**Saved entries**
******

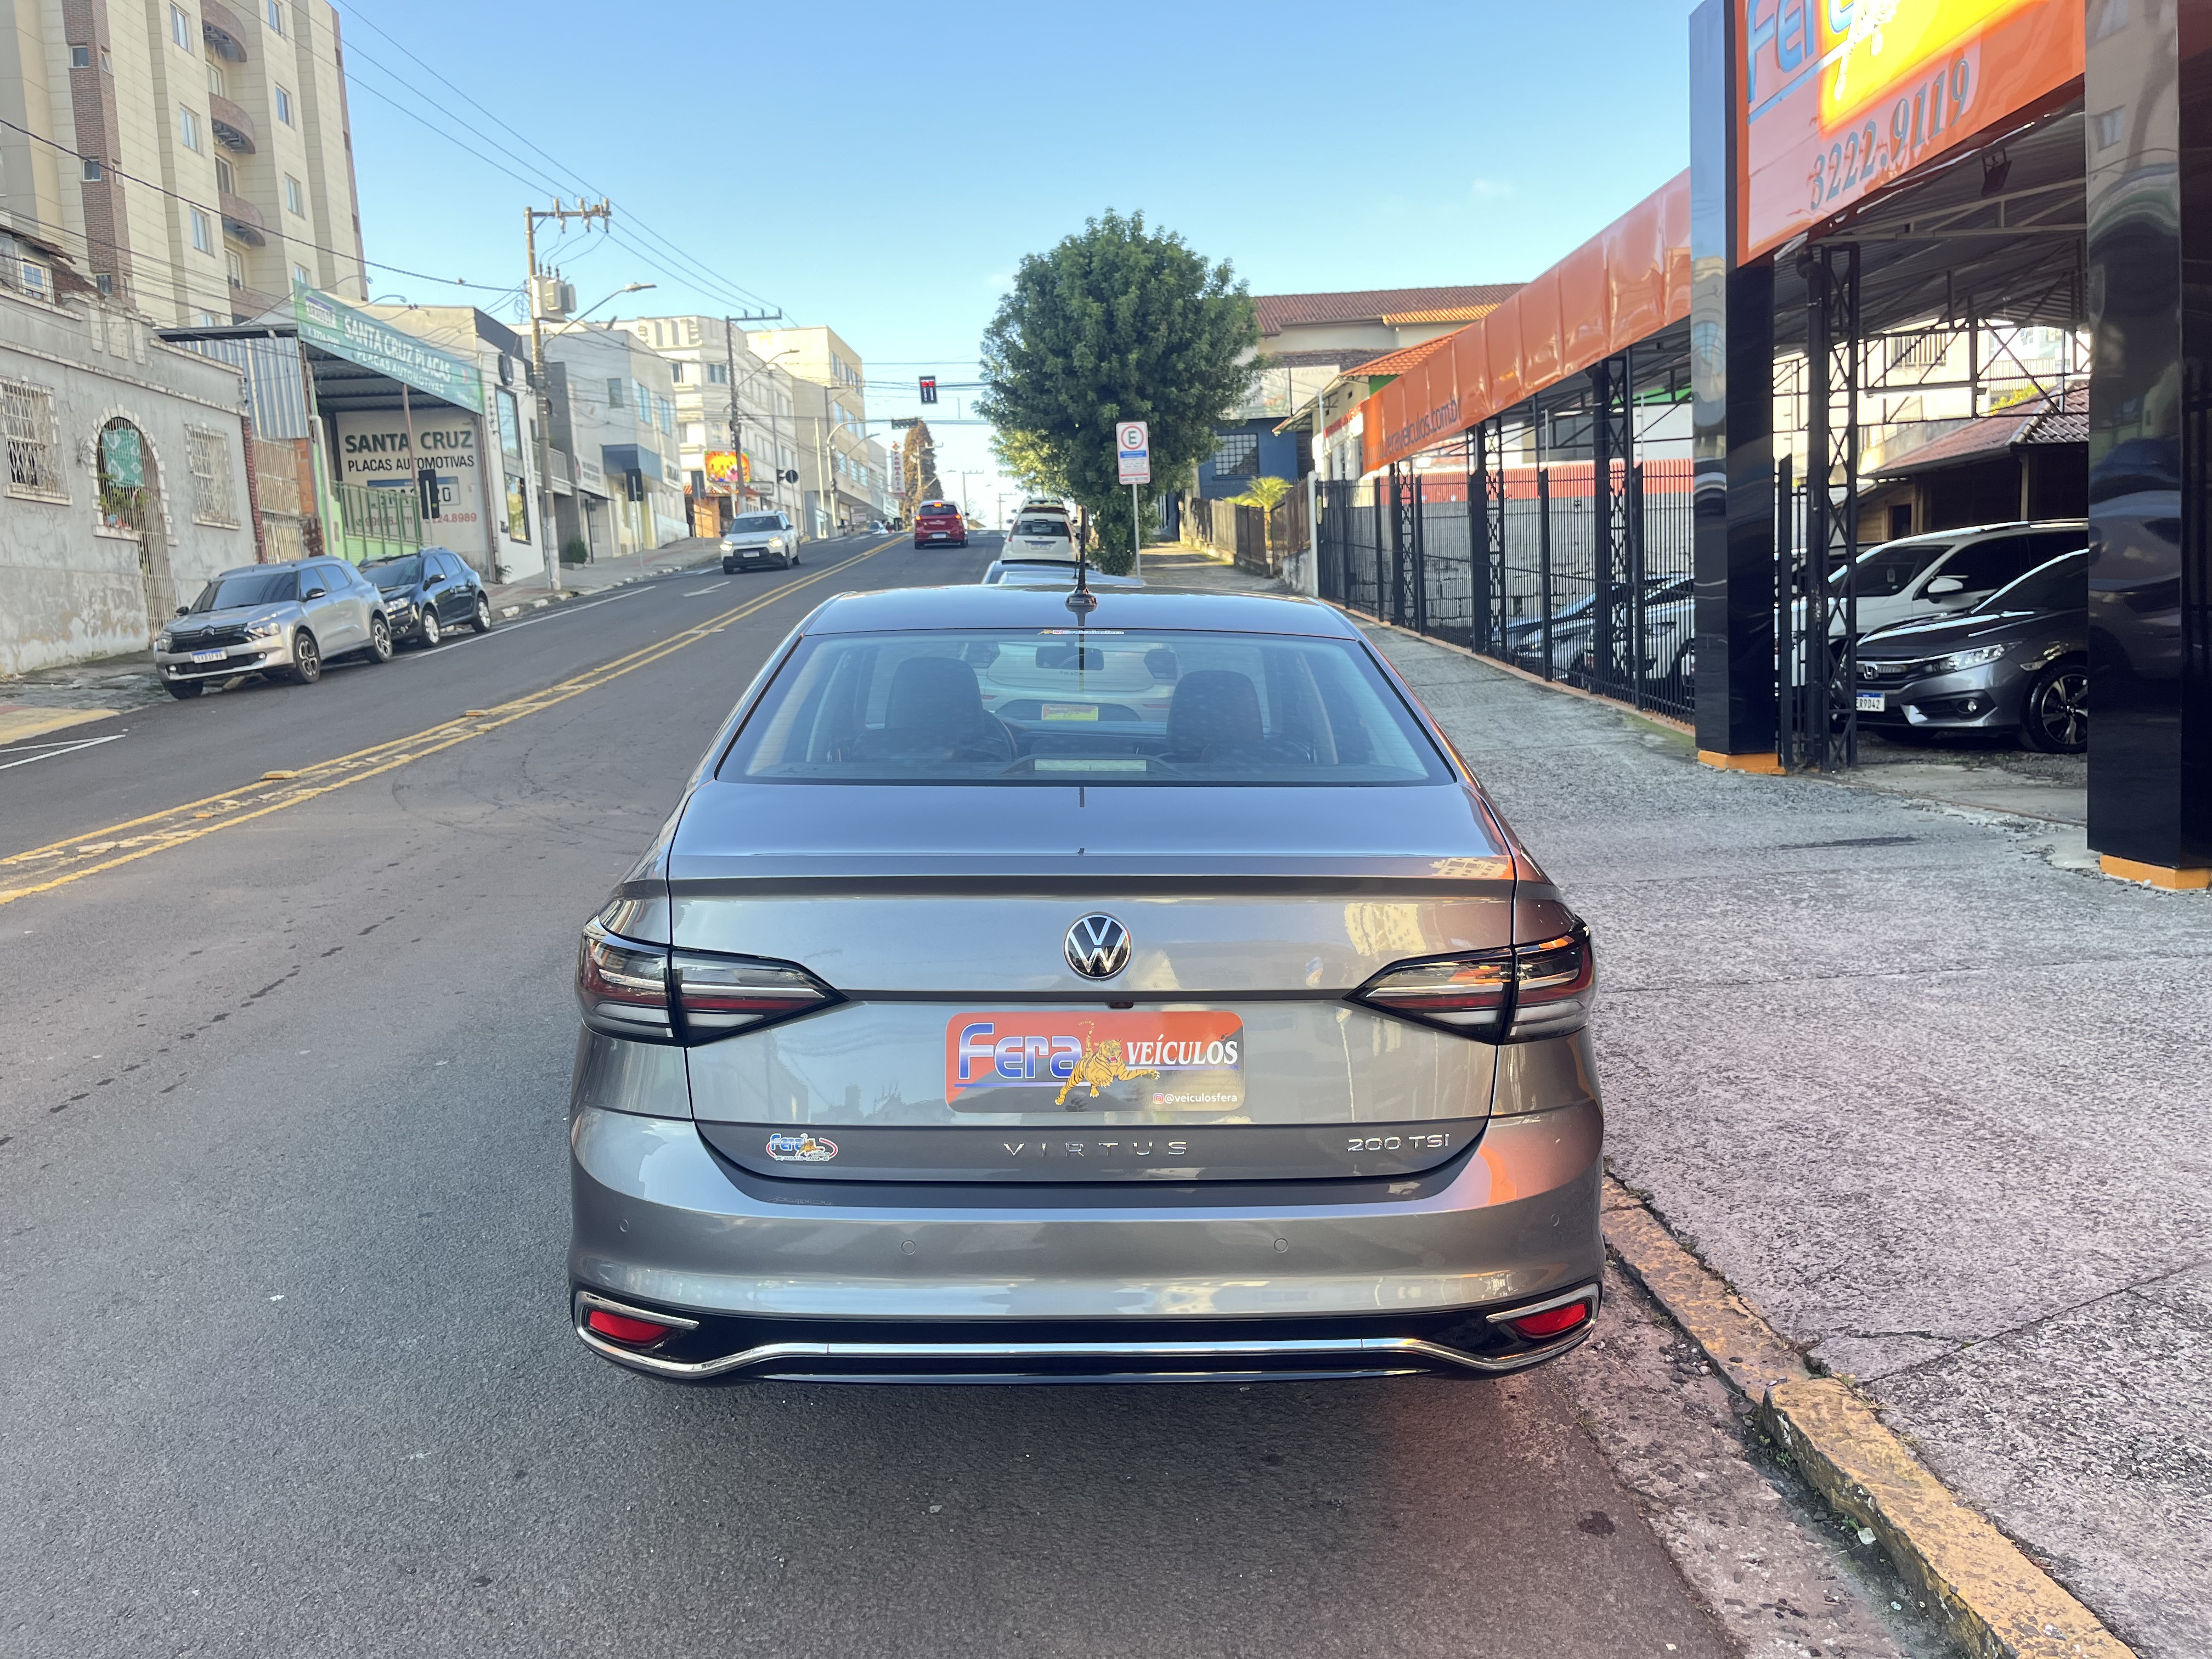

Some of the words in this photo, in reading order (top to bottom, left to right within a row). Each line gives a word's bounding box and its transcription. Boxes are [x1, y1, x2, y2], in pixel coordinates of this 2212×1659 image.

[1810, 58, 1971, 211] 3222.9119
[343, 315, 382, 353] SANTA
[384, 334, 413, 364] CRUZ
[415, 348, 452, 382] PLACAS
[357, 348, 390, 372] PLACAS
[391, 363, 445, 394] AUTOMOTIVAS
[345, 433, 410, 453] SANTA
[420, 430, 473, 449] CRUZ
[1128, 431, 1137, 445] E
[348, 459, 392, 472] PLACAS
[396, 455, 475, 470] AUOMOTIVAS
[424, 512, 477, 523] 24.8989
[958, 1022, 1082, 1080] Fera
[1126, 1034, 1238, 1065] VEÍCULOS
[1164, 1092, 1238, 1104] @veiculosfera
[770, 1133, 804, 1151] Fera
[1003, 1141, 1188, 1156] VIRTUS
[1347, 1136, 1401, 1152] 200
[1408, 1133, 1449, 1149] TSI

******

**Work order**
Do not include images; quote all of the entries above exactly.

**Your response**
Some of the words in this photo, in reading order (top to bottom, left to right within a row). Each line gives a word's bounding box and its transcription. Boxes are [x1, y1, x2, y2], in pixel coordinates of this 2212×1659 image.

[1810, 58, 1971, 211] 3222.9119
[343, 315, 382, 353] SANTA
[384, 334, 413, 364] CRUZ
[415, 348, 452, 382] PLACAS
[357, 348, 390, 372] PLACAS
[391, 363, 445, 394] AUTOMOTIVAS
[345, 433, 410, 453] SANTA
[420, 430, 473, 449] CRUZ
[1128, 431, 1137, 445] E
[348, 459, 392, 472] PLACAS
[396, 455, 475, 470] AUOMOTIVAS
[424, 512, 477, 523] 24.8989
[958, 1022, 1082, 1080] Fera
[1126, 1034, 1238, 1065] VEÍCULOS
[1164, 1092, 1238, 1104] @veiculosfera
[770, 1133, 804, 1151] Fera
[1003, 1141, 1188, 1156] VIRTUS
[1347, 1136, 1401, 1152] 200
[1408, 1133, 1449, 1149] TSI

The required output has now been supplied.